If a pizza joint gets 1000 reviews, why shouldn’t an enterprise product have some?
Many pundits talk about the “consumerization of the enterprise”. While it often refers to the use of social media or mobile devices in the enterprise, I believe it’s really more a shift towards consumer like experiences within the enterprise, coupled with business users driving the adoption of technology. As consumers, most of us rely heavily on peer reviews for many of the decisions we make – which restaurant to eat at, which movie to see, which hotel to stay at, which appliance to buy, which home contractor to hire. In my home town of Austin, one of the more popular pizza joints has over 1000 reviews. Yet, equivalent peer reviews are generally not available to aid critical business decisions like selecting enterprise technology.
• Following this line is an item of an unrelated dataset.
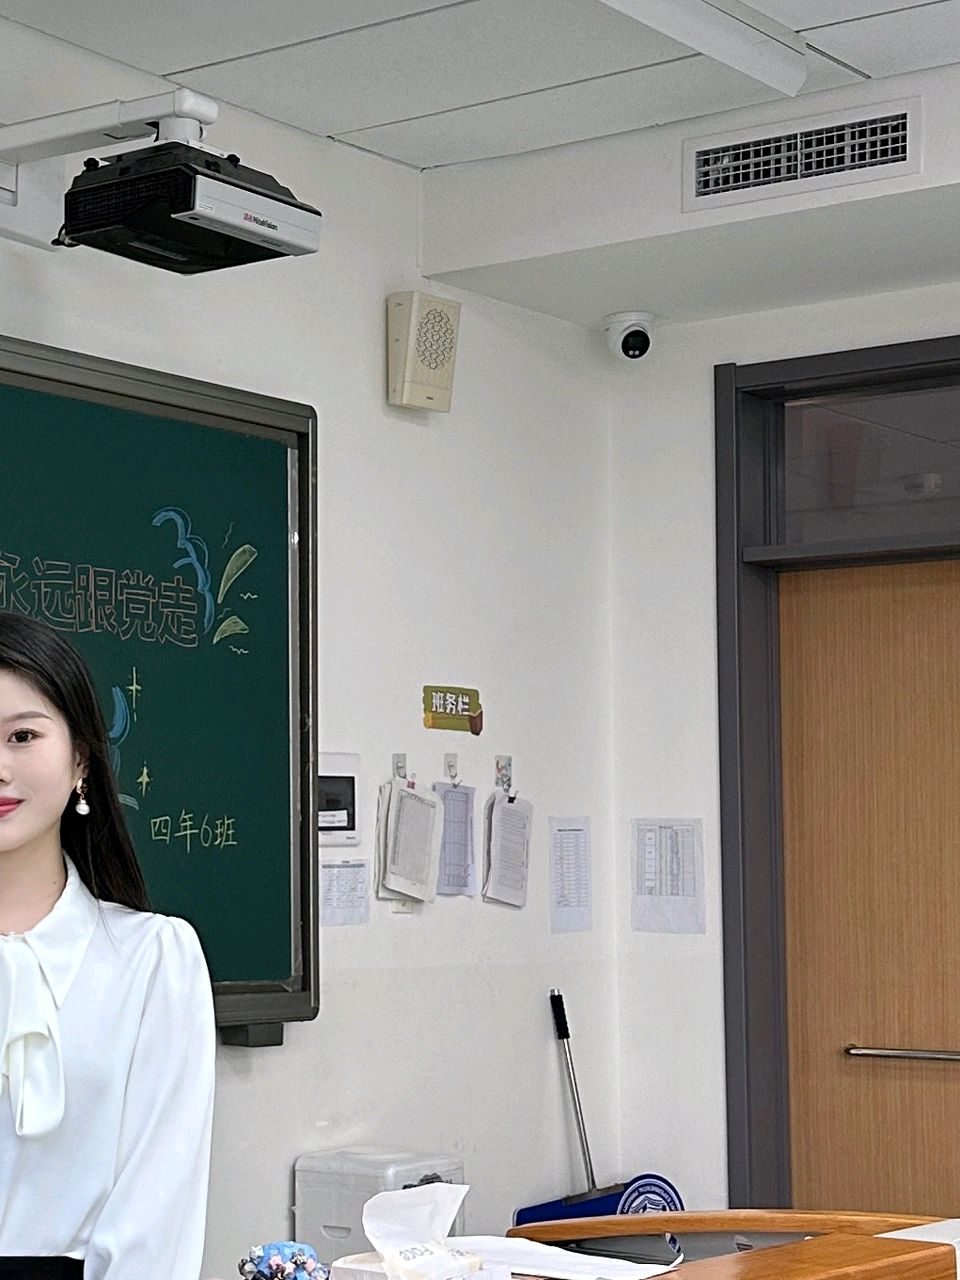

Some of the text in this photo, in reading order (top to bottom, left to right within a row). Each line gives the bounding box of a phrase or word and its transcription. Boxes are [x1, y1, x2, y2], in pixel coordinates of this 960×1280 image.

[431, 691, 470, 716] 班务栏
[150, 808, 238, 854] 四年6班
I am not alone in these beliefs
Armed with these realizations, I started to talk to IT and business professionals about their software purchase and usage experiences. I learned that my experiences as a buyer of technology were not unique. I heard a strong desire for pragmatic insights from peers. Many software vendors also share my viewpoint that embracing transparency is the best long-run business strategy and frankly inevitable. From these insights, TrustRadius was born.

About the Author

Vinay Bhagat
Vinay Bhagat, founder and CEO of TrustRadius, is an entrepreneur passionate about tackling big problems. Vinay conceived TrustRadius after experiencing challenges when buying enterprise solutions at his last company. In 1999, Vinay founded Convio, the leading Software as a Services platform for nonprofits. In April 2010, Convio became a public company, and was acquired in May 2012 for $325 million. Prior to Convio, Vinay was at Trilogy Software and Bain & Company. He holds an MBA from Harvard Business School where he graduated as a Baker Scholar, an MS Engineering Economic Systems from Stanford University, and a MA Engineering Information Sciences from Cambridge University with First Class Honors. When he’s not working, Vinay loves spending time with his family, playing squash and racing cars.